Google, Amazon, Netflix gibi devler de dahil olmak üzere önde gelen teknoloji firmaları son beş yılda yapay zeka için yaklaşık 30 milyar dolar harcadı
Çevrim içi ürünü somutlaştıran bu sistem, karar vermede önemli bir mekanizma. Yapılan araştırmalar da bunu doğrular nitelikte. Retail Perceptions tarafından yapılan bir araştırmaya göre, sanal ortamda alışveriş yapanların yüzde 61’i AR talep ederken, yüzde 40’ı AR aracılığı ile deneyimleyebilecekleri bir ürün için daha fazlasını ödemeye istekli bakıyor.
Sosyal Alışveriş Artıyor
Bugünün satıcıları, sosyal medya platformlarında reklam vermekten çok daha fazlasını yapıyor. Sosyal medyanın satış yeteneklerinin iyileştirilmesiyle, bu platformları kullanan müşteriler direkt olarak satın alma gerçekleştirebiliyorlar.

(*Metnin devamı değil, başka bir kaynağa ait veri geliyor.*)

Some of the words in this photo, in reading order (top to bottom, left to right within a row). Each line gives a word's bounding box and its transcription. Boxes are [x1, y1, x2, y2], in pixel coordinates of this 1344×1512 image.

TikTok, Instagram, Twitter, Pinterest, Facebook ve YouTube, “satın al” butonlarını devreye alan ve sosyal satış özelliklerini önemli ölçüde iyileştiren sosyal medya kanalları arasında yer alıyor. Örneğin Instagram, işletmelerin gönderilerinde ve hikayelerinde ürün etiketlerini etkinleştirmelerine olanak tanıyan “alışveriş yapılabilir gönderi” özelliğini başlattı.

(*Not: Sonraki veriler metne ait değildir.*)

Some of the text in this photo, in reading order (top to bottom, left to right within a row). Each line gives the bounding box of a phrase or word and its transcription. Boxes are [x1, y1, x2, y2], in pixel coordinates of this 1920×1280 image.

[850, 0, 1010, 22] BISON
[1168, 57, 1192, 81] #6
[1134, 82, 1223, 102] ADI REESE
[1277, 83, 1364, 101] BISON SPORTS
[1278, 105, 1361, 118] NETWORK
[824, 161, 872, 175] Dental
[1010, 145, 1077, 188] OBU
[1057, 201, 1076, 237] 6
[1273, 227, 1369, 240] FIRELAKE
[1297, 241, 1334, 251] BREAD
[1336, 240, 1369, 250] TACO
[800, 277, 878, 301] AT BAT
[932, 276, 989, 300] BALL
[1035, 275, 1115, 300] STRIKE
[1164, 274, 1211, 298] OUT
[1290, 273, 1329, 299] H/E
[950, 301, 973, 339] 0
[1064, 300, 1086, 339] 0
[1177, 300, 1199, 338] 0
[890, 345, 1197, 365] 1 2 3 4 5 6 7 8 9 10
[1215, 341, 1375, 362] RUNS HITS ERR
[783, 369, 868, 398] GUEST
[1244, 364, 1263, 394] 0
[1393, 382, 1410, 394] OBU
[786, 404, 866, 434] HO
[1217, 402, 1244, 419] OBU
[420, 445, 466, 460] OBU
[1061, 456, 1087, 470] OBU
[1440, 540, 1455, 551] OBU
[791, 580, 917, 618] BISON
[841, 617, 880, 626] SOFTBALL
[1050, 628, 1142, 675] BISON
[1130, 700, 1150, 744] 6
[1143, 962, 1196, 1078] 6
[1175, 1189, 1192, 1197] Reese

Facebook’un 2020’de yaptığı “Instagram Mağazaları” lansmanı da e-ticaret dünyasında ses getirdi. E-ticareti sosyal medyanın en büyük platformlarından biri ile harmanlayan bu lansman, doğrudan Amazon’u hedefliyor. Ayrıca Çin’in popüler sosyal medya platformu WeChat de Sephora ve Nike’tan Gucci ve Armani’ye kadar uzanan küresel markaları cezbeden sosyal ticaret mini programıyla e-ticaret hedeflerine yoğun bir şekilde yatırım yapıyor.

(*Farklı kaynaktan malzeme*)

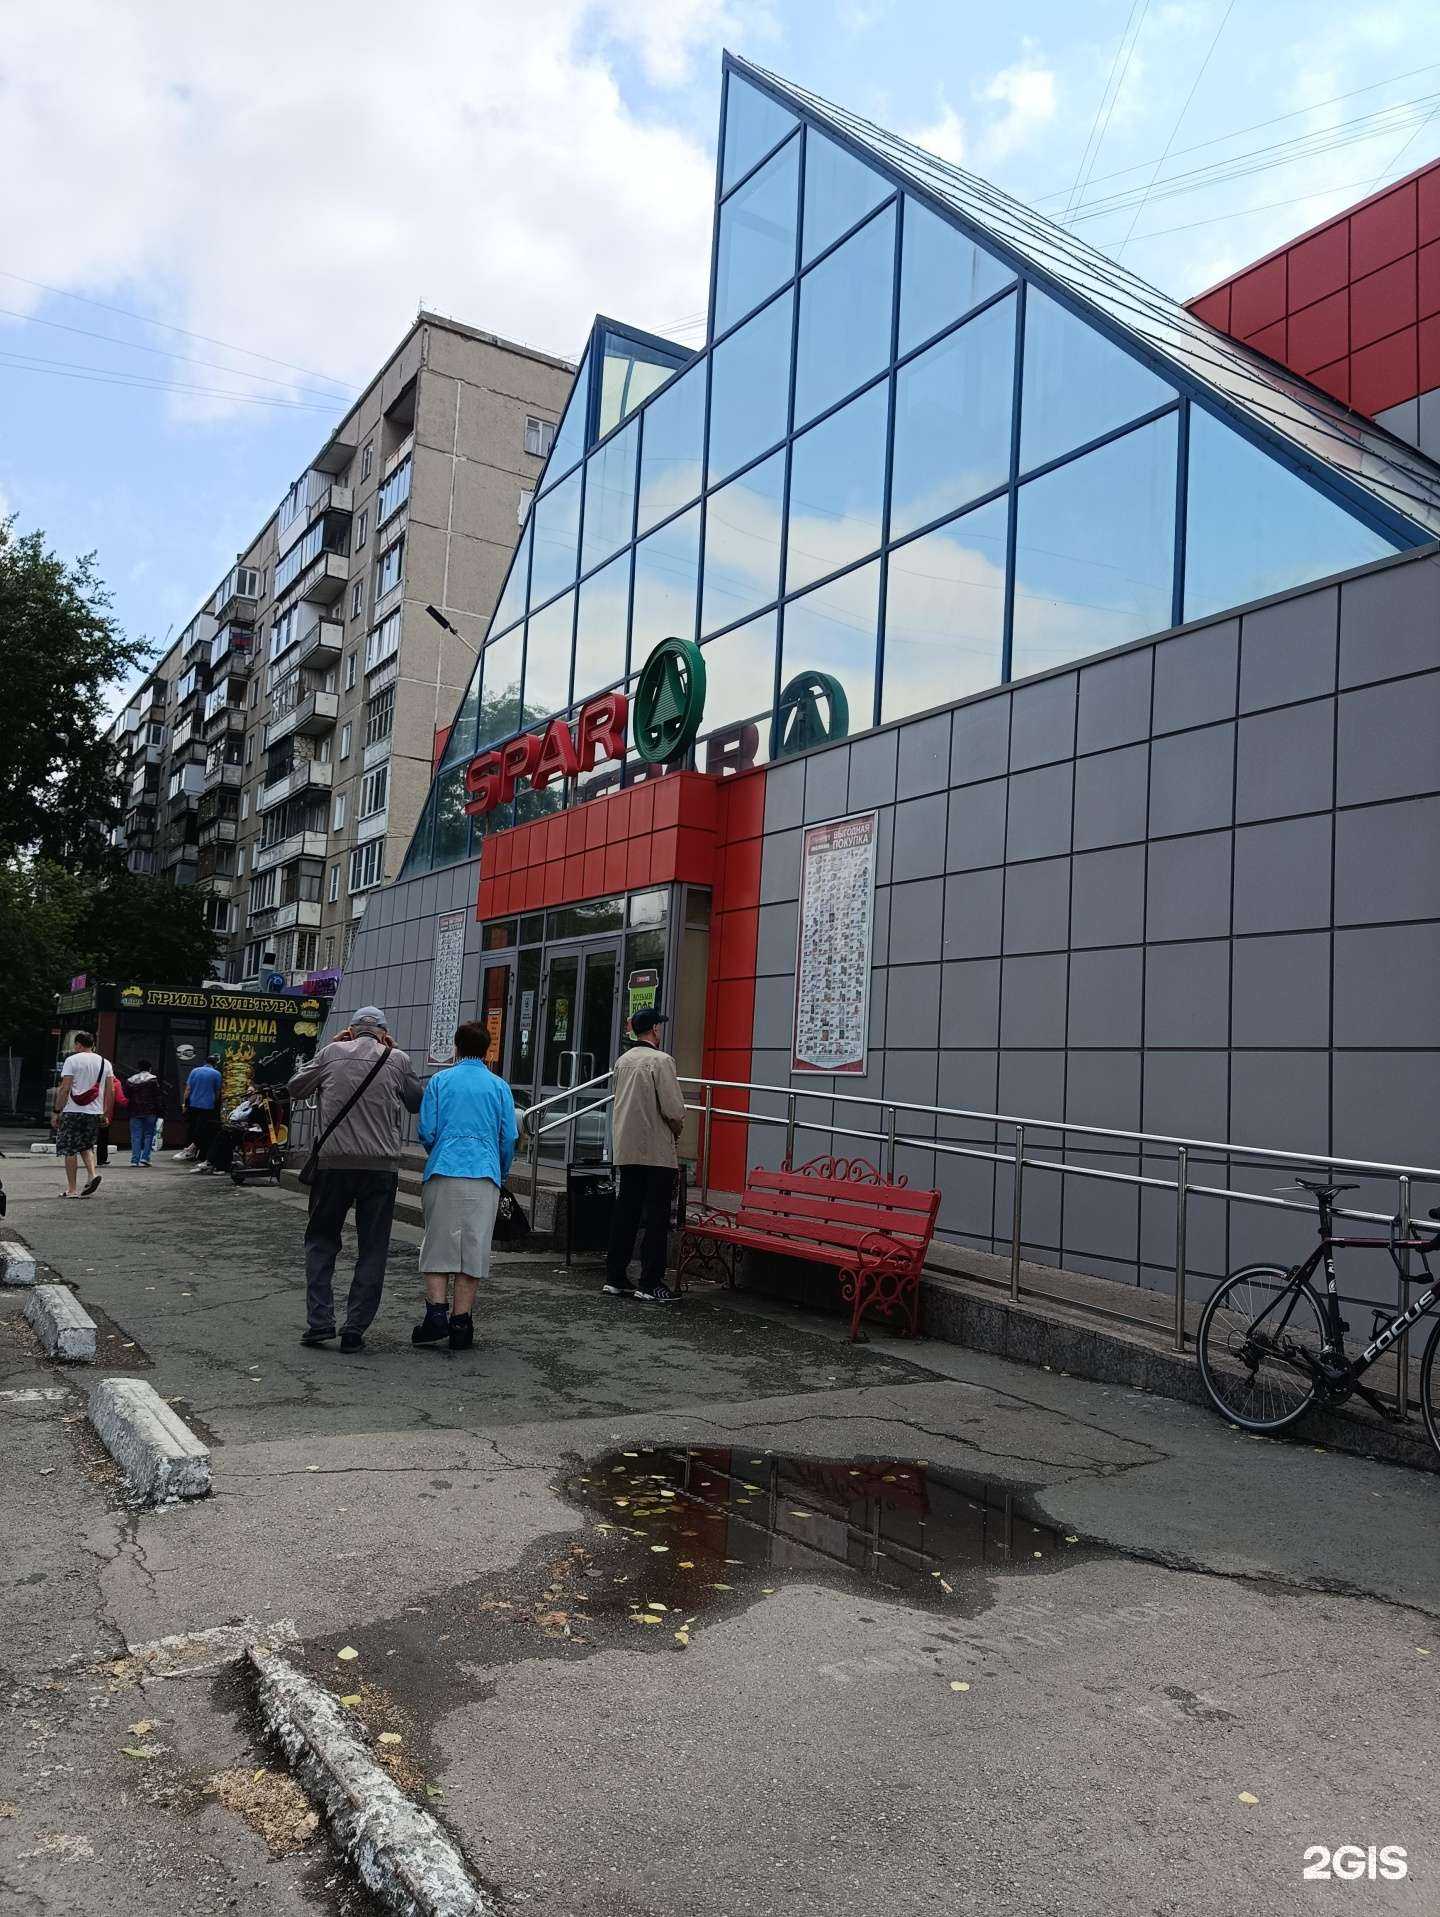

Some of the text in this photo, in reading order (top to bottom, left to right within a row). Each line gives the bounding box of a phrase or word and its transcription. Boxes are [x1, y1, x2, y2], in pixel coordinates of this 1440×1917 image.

COVID-19 krizinin ortasında, küresel sosyal ticaret pazarının yüzde 31,4 gibi yüksek bir hızla artacağı tahmin ediliyor. Alışveriş yapanlar dijital alışkanlıklara bağlı kaldıkça ve hem e-ticaret hem de geleneksel perakendeciler COVID-19 sonrası ortama hızla uyum sağladıkça, sosyal ticaret 2021’de büyümeye devam edecek.
B2B Ticaret Çemberini Büyütüyor
E-ticaret artık B2C (işletmeden tüketiciye) tarafından yönetilmiyor. B2B e-ticareti son yıllarda hızlı yükselişi ile beraber koltuğu devraldı. Araştırmalar B2C ile kıyaslandığında B2B’nin geçtiğimiz sene iki kat daha yüksek artış kaydettiğini ve 2020 yılında B2B e-ticaretin 6,6 trilyon dolarlık bir ticaret hacmi oluşturduğunu gösteriyor.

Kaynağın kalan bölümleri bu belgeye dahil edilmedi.